This chapter discusses porting OPEN LOOK applications to Solaris Motif on the Solaris CDE desktop. Much of the information presented is generic enough to encompass porting from OPEN LOOK to Motif running on the OpenWindows desktop.
Migrating from the OPEN LOOK user interface to Motif is complex. It generally will not amount to a widget-for-widget swap. Do not expect it to be as straightforward as a line-by-line code translation. Depending on your application, the migration can range from a major architectural impact down to subtle widget differences.
Besides migrating from the OPEN LOOK user interface to Motif, porting to the Solaris CDE desktop means that you have the Solaris CDE development environment infrastructure available to your application. See Chapter 4, Development Environment Transition Issues for a summary of some of these features. See Common Desktop Environment: Programmer's Overview for a more detailed description of the development environment components and documentation.
First you should decide whether you really have to port your application. As mentioned in "Running Existing Applications on the Solaris CDE Desktop" , OPEN LOOK and Motif applications run "as is" on the Solaris CDE desktop. So you do not need to port your existing applications to Motif or CDE to have them run on the Solaris CDE desktop.
This provides you with flexibility about when and under what circumstances you decide to port your application. For example, you may decide to wait until a major release of your product before porting your application to the Solaris CDE desktop.
Basic application integration is a set of highly recommended tasks you should perform to integrate your application into the Solaris CDE desktop. These tasks do not require modification of the source code for your application. (Some types of print integration--enabling printing in your application--require slight code modification, but these are optional to basic integration.)
Basic integration does not involve extensive use of the desktop application program interface (API). Therefore, it does not provide other interaction with the desktop, such as drag-and-drop capabilities.

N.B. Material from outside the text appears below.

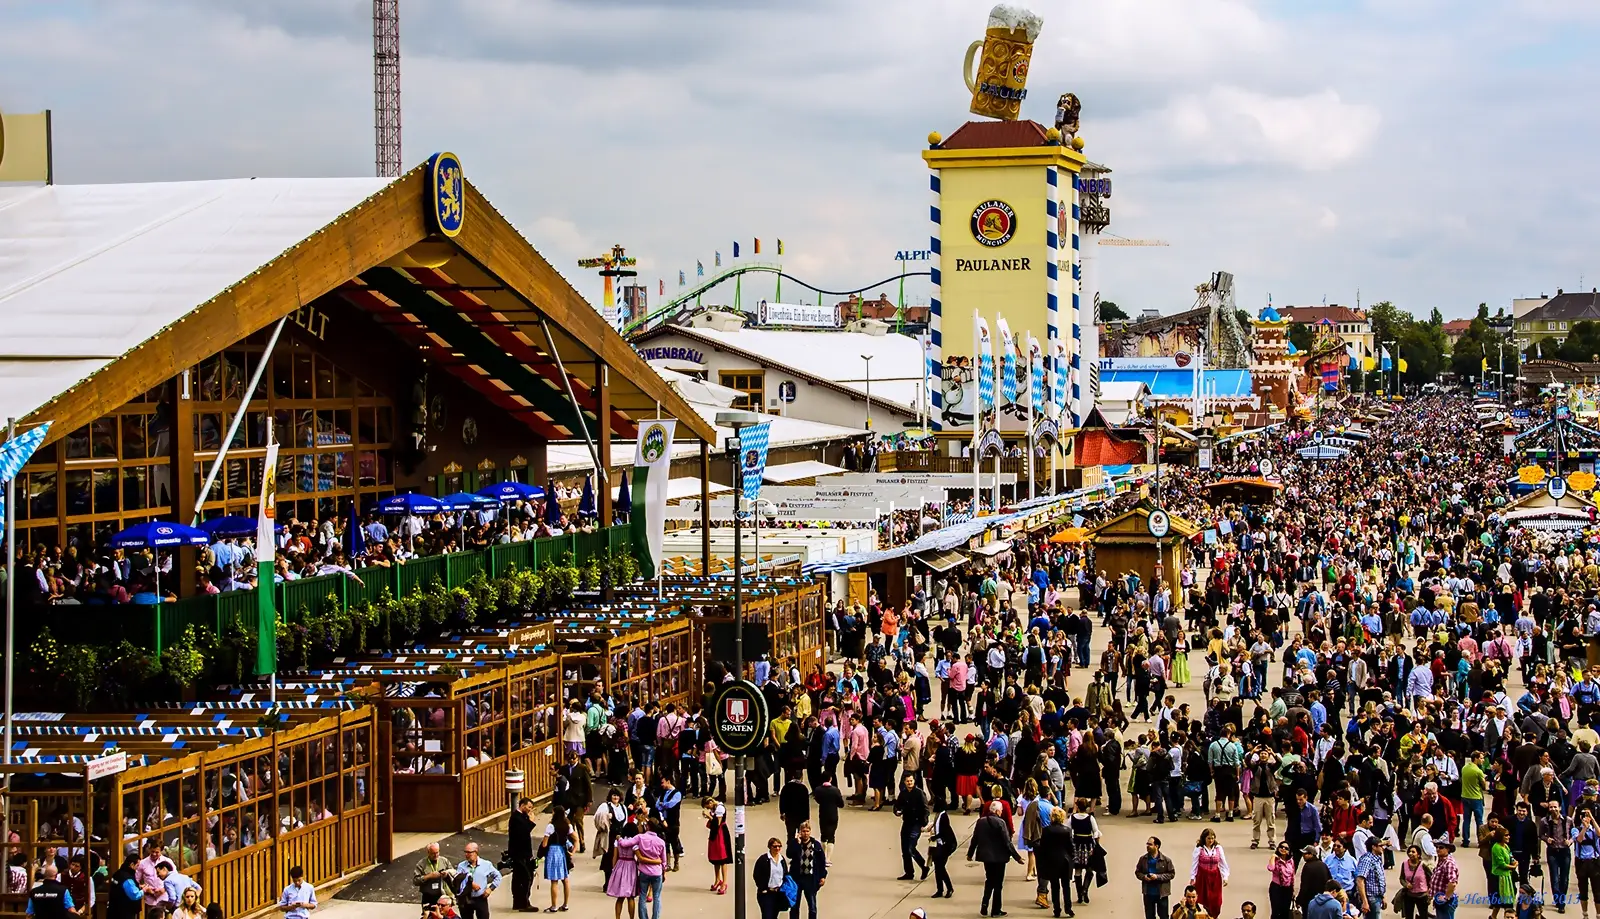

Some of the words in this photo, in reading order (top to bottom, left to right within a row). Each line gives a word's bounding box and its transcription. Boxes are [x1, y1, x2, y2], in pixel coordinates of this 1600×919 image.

A lot can be done to integrate your application into the Solaris CDE desktop without modifying any code. You can:
Define actions for your application
Write a help volume and have it available from the top level of the Help Manager
Integrate your application with the Front Panel and Application Manager
Enable printing
The Solaris CDE desktop provides interoperability between your application and other desktop applications. You can add new services (see "Recommended Integration" and "Optional Integration") if you want to use them and are willing to modify your code.
See Solaris Common Desktop Environment: Programmer's Guide for details on how to enable printing in your application, and for a list of the steps that comprise basic integration. See the "Registering an Application" chapter of Solaris Common Desktop Environment: Advanced User's and System Administrator's Guide for detailed instructions on how to implement the basic integration steps.
If you decide that you definitely want to port, think of the process as an art and not as a science. There is no magic tool that will perform the port for you. There is no foolproof algorithm to follow that works every time. What you really need to do is learn Motif and CDE, and understand the CDE style guidelines. This takes time and patience.
Benefits of porting to the CDE desktop include:
Taking advantage of new features offered by CDE
Providing easy portability on a wide variety of platforms
Enabling better "ease of use" by ensuring that your application behaves according to the CDE style guidelines
Providing interoperability with other Solaris CDE applications in areas where the Solaris CDE and OpenWindows environments differ, for example:
Window manager interaction
Drag and drop
Session management
Recommended and optional integration require changes to your code to implement the functionality within these categories. Your application will be even more integrated with the desktop the more CDE functionality you adopt.
The Solaris CDE development environment contains components and guidelines so that your application will integrate well with other applications on the desktop:
Help system
ToolTalk messaging system
Session Manager
Drag and drop
Internationalization
Standard font names
Error message guidelines
User customization issues
The following Solaris CDE components enable you to leverage services provided by the desktop for achieving specialized tasks:
Solaris Motif control widgets
Data typing
Action invocation
Workspace Manager
Terminal widget
Text editor widget
Calendar API
Desktop Korn shell
If you plan to port your application to the Solaris CDE desktop, or if you want to practice porting, start with a small example and work your way up.
With small applications that have simple GUIs, you can practice porting by using a two-step process:
Convert the GUI object-by-object from the OPEN LOOK user interface to Motif. (See "Use a Motif GUI Builder" below.)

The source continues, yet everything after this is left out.